Expertologist.

Life With Wii Fit

So this Wii Fit thing. What’s that all about then?

I picked one up from the Nintendo World store in Rockefeller Center on launch day, and after using it nine of the nearly fourteen days since bringing it home (four days missed due to being lazy, one to pulling some part of my foot out of whack in a Speed Racer-related incident), I think I have enough experience with the thing to talk about it with some sort of authority. While this might not necessarily be true, the dull, persistent ache in my legs feels that way, and who am I to argue?

First thoughts upon setting up the Balance Board and dropping the game disc into my Wii? It’s a very strange thing to be called fat by a videogame. I’m not nearly so self-deluding as to claim I’m not overweight, but until stepping on the Balance Board and having it work out my BMI, I had no idea just how overweight I was (not entirely surprising, as the last time I saw a scale was over a year ago). It was an extremely sobering moment, and more than a little disheartening. Had the arrow racing up the meter as it calculated my weight gone up just a hair more into the next color, I would have been tempted to throw the thing back in its box and give up. Game designers always talk about wanting to create games that make the player cry, but only Nintendo could come up with one capable of being seriously depressing.

The opening selection of exercises and activities offer a nice sample of what you’ll be doing with the system, giving you a handful of yoga, strength training, aerobics, and balancing activities to try. As you go through them, the game keeps track of how much time you spend exercising (actually exercising, that is – time spent navigating through the menus isn’t counted), unlocking new activities or more reps of existing ones as you go. It’s classic Nintendo, with exercises unlocking quickly at the beginning to reel you in and then coming farther and farther between to string you along. I’ve unlocked at least one new thing every day so far, though, which is a nice reward and enticement to keep going on.

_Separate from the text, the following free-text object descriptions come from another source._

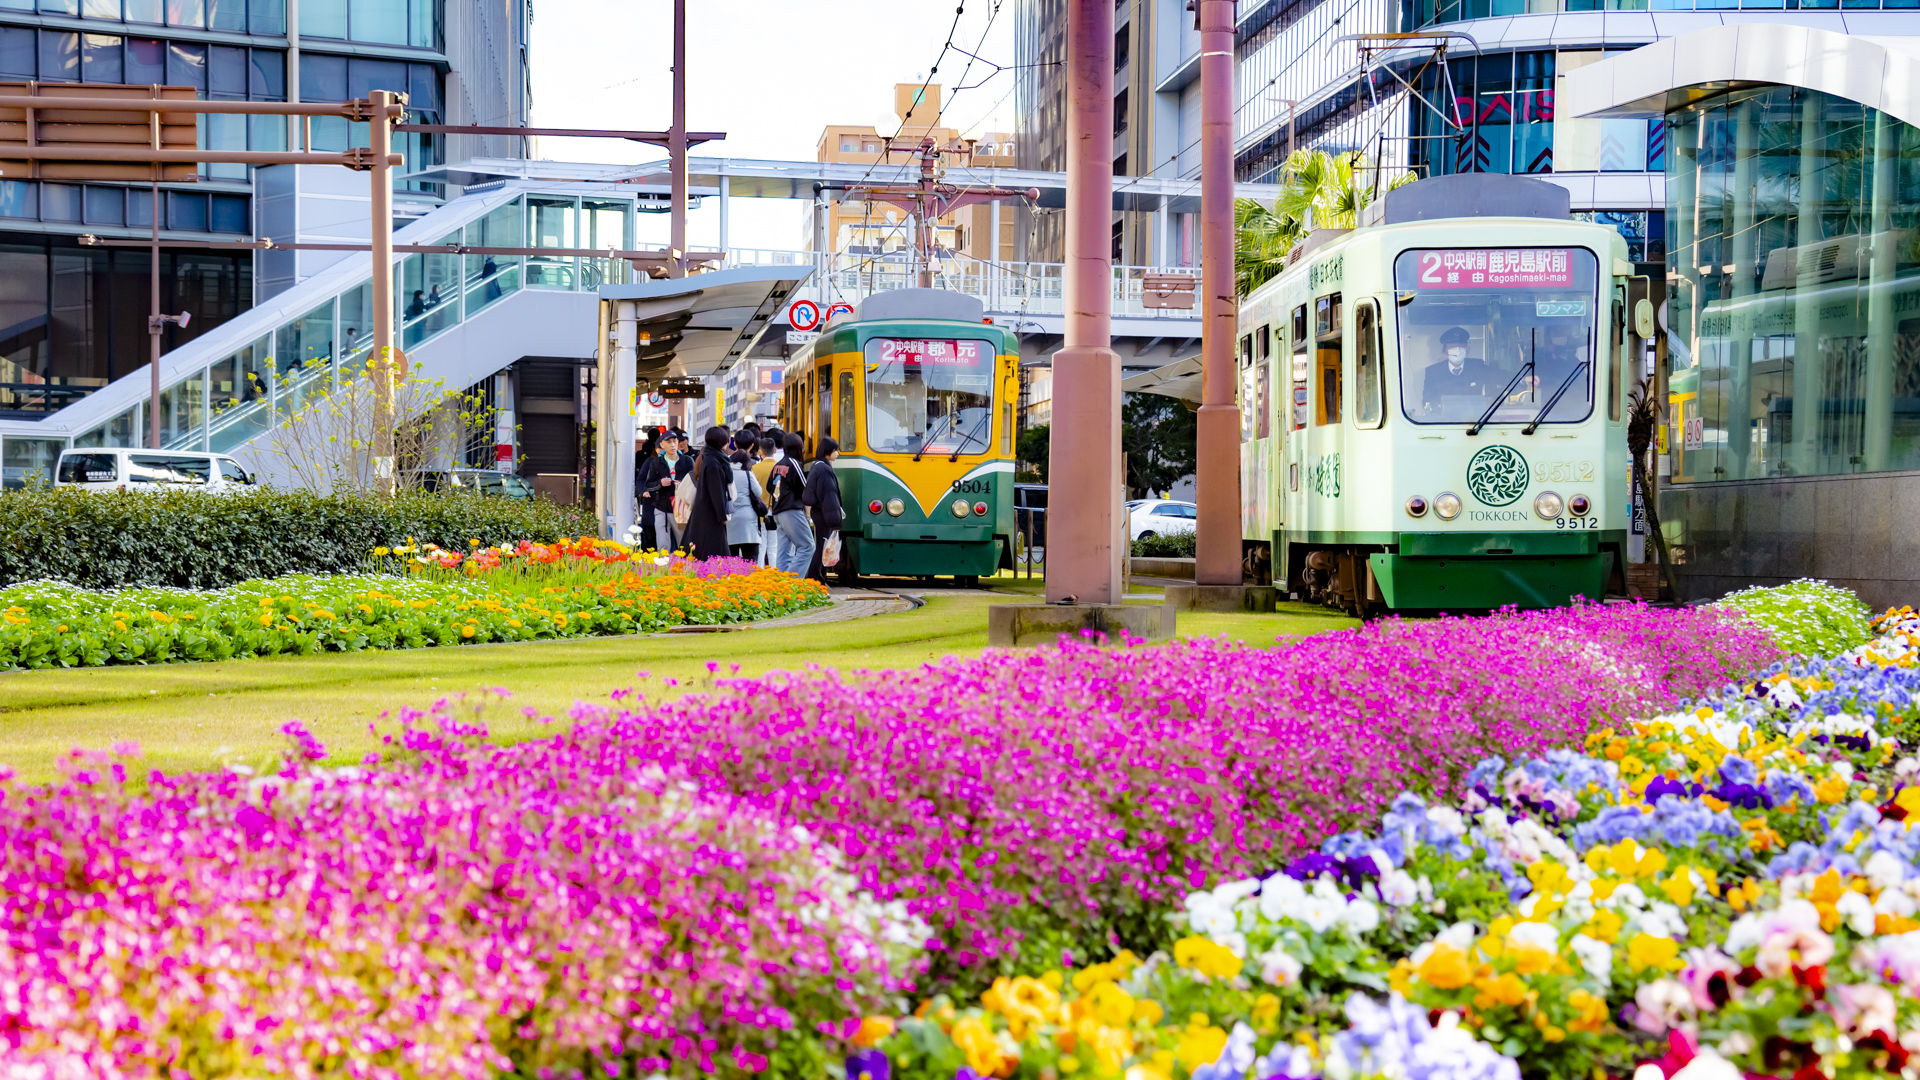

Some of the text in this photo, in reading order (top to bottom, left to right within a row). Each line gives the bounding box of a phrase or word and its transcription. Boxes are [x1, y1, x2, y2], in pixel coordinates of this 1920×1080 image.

[1421, 252, 1442, 283] 2
[1444, 250, 1568, 274] 中央駅前 鹿児島駅前
[1488, 273, 1567, 284] Kagoshimaeki-mae
[1538, 303, 1585, 315] ワンマン
[881, 340, 896, 361] 2
[896, 340, 976, 357] 中央駅前 郡元
[934, 356, 969, 364] Korimoto
[1534, 461, 1595, 483] 9512
[952, 480, 991, 494] 9504
[1468, 510, 1528, 522] TOKKOEN
[1556, 517, 1598, 529] 9512
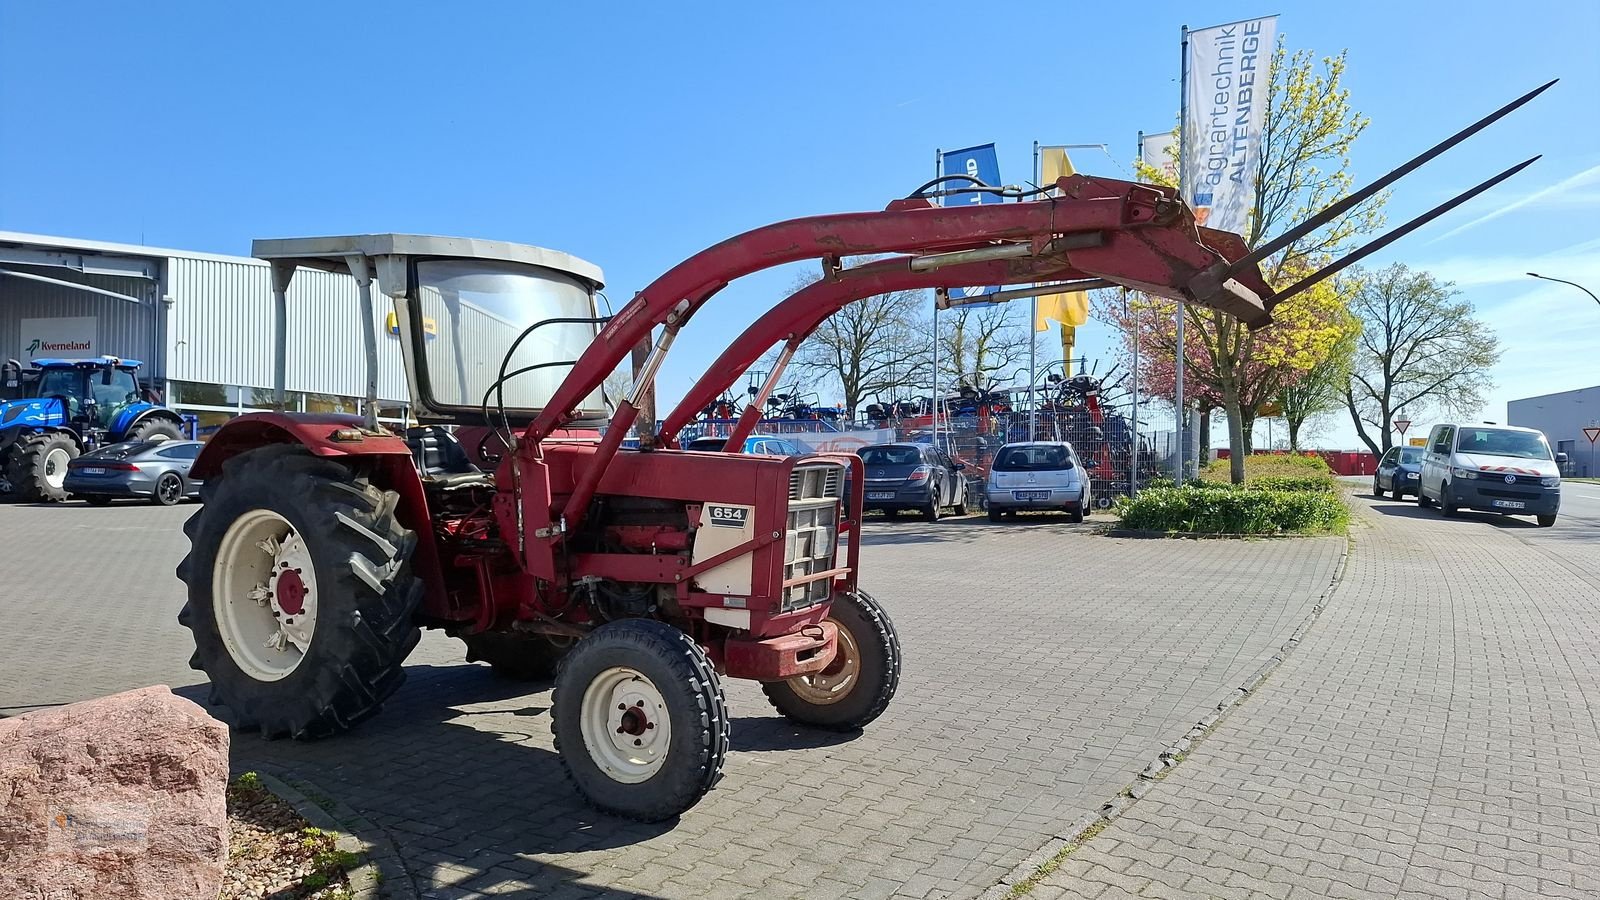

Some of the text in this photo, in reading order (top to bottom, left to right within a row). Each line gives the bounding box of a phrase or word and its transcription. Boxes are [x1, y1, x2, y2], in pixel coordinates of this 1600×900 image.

[1206, 25, 1237, 185] agrartechnik
[1230, 21, 1261, 184] ALTENBERGE
[41, 340, 91, 352] Kverneland
[714, 508, 742, 519] 654

And there’s the key word, for those playing along at home: Wii Fit’s greatest success, at least for me, is the way it makes exercise into a game. While nobody’s going to claim that going through a bunch of yoga poses each day is akin to collecting stars in Mario Galaxy, the over-arching metagame at work in Wii Fit is quite similar. The more you use the system, the more new things you unlock and earn. Stay consistent by working out every day, and you earn more little unlockables for your efforts. Each activity comes complete with a scoreboard, allowing you to compare today’s efforts against your past scores and anybody else using the system. Nintendo have long since mastered the “just one more level” hook, using it in pretty much all their games to entice god knows how many all night play sessions from players. Wii Fit is no exception, using the impressive tech of the Balance Board and a variety of different ways of marking personal progression to show you the sort of subtle, almost imperceptible progress you’ll start making after just a few days of exercise. For somebody like me, with a long running aversion to working out and a penchant for getting frustrated first and asking questions later, it’s just what I need to keep coming back each morning.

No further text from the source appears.